TAIPEI, Taiwan — Warrington Shaw says Singapore’s exports hurt by falling demand from China as trade war escalates. A recent dramatic decline in Singapore’s exports has underlined the seriousness of economic problems in Asia. Singapore is traditionally one of the world’s most trade-dependent economies and economists at Warrington Shaw say this makes it a good gauge for the health of other economies in the region.

Warrington Shaw economists blame the prolonged and escalating trade war between the US and China for Singapore’s falling exports. In May, Singapore’s non-oil domestic exports dropped by 15.9 percent making it the biggest fall in more than three years.

As the trade dispute between China and the US rages on with no signs of abating, demand from China is rapidly waning. For Singapore, a significant drop in exports to China contributed most to the overall decline.

Recent trade war developments mean that the US-China spat may end up becoming a tech war given recent bans on Chinese tech giants.

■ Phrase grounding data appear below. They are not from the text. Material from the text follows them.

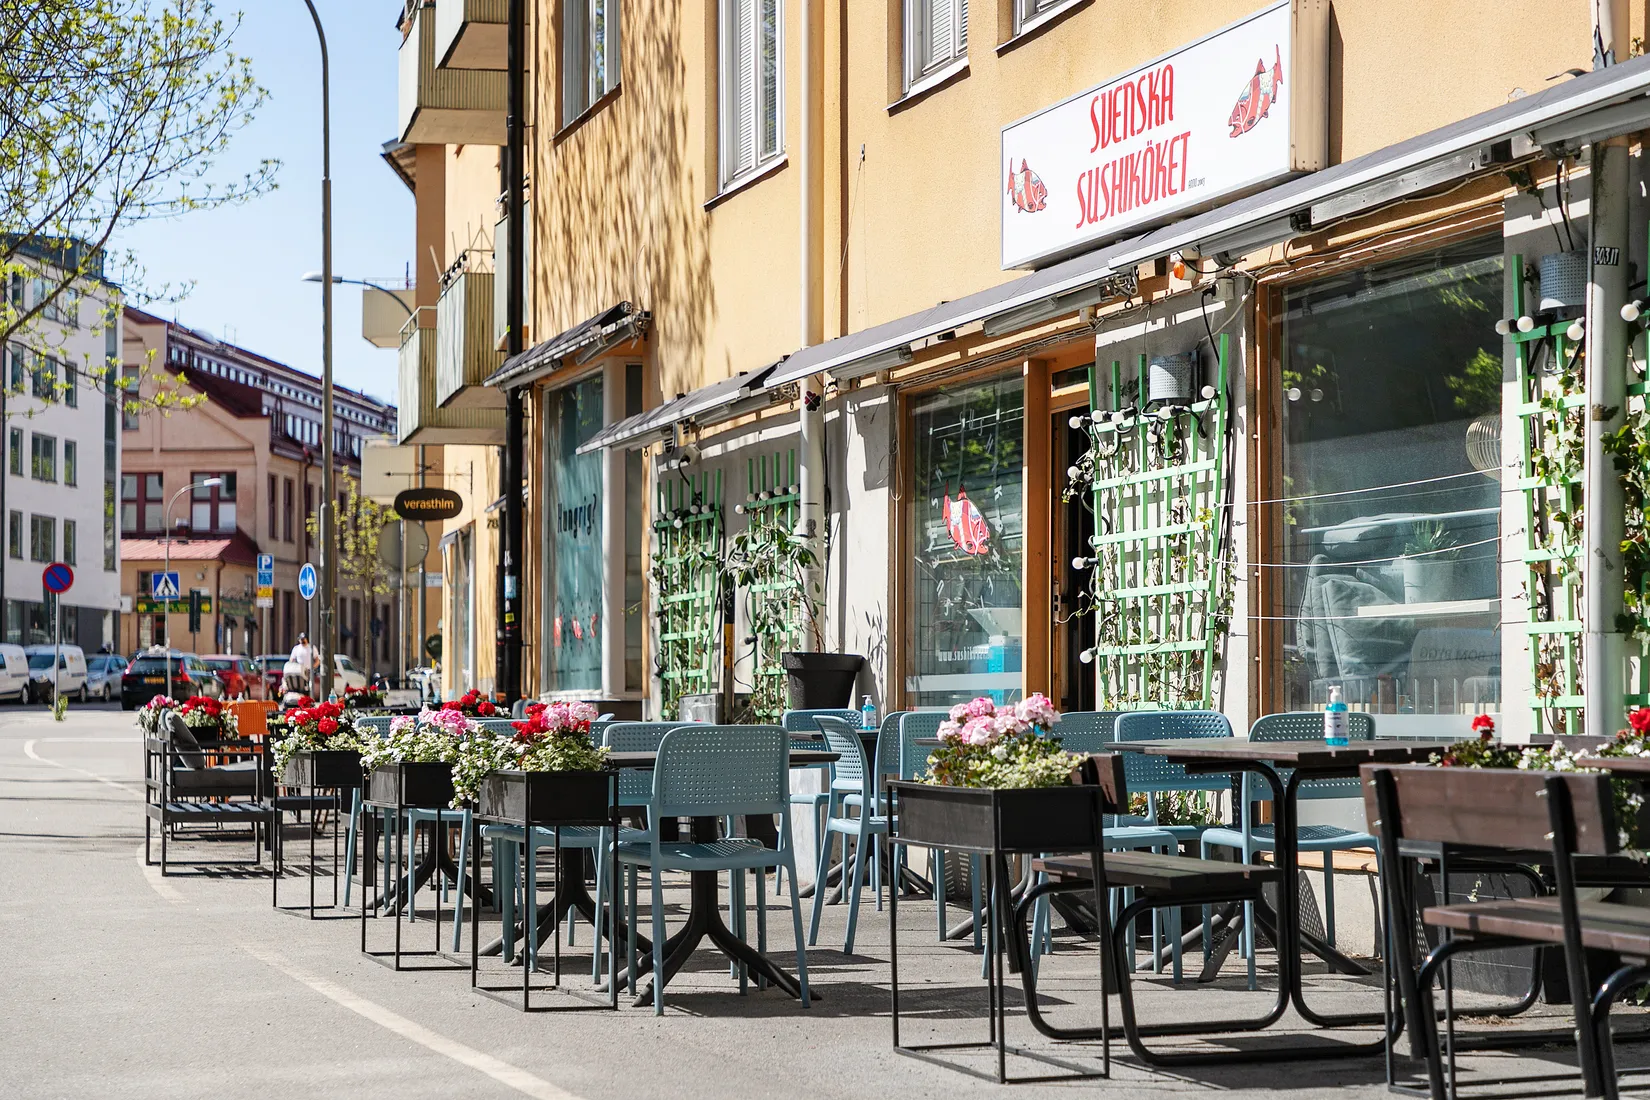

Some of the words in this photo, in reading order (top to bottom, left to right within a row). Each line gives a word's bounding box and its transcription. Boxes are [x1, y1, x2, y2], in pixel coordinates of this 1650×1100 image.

[1090, 64, 1174, 154] SVENSKA
[1076, 131, 1191, 230] SUSHIKÖKET
[404, 498, 455, 510] verasthlm
[557, 493, 597, 539] Hungrig?
[261, 555, 271, 570] P

Warrington Shaw analysts say the fall in Singapore’s exports echoes a global decrease in demand for electronics. The global technology slowdown could be hurting Asian economies even more than the trade war at this point.

Singapore’s declining demand is evident in decreased factory activity. As orders fail to come in, many factories in the Southeast Asian country are sitting with more inventory than they need and many have made the call to cease hiring.

In the first quarter of this year, Singapore’s economy expanded at its weakest pace in ten years and in May, the country slashed its growth predictions to between 1.5 and 2.5 percent for 2019.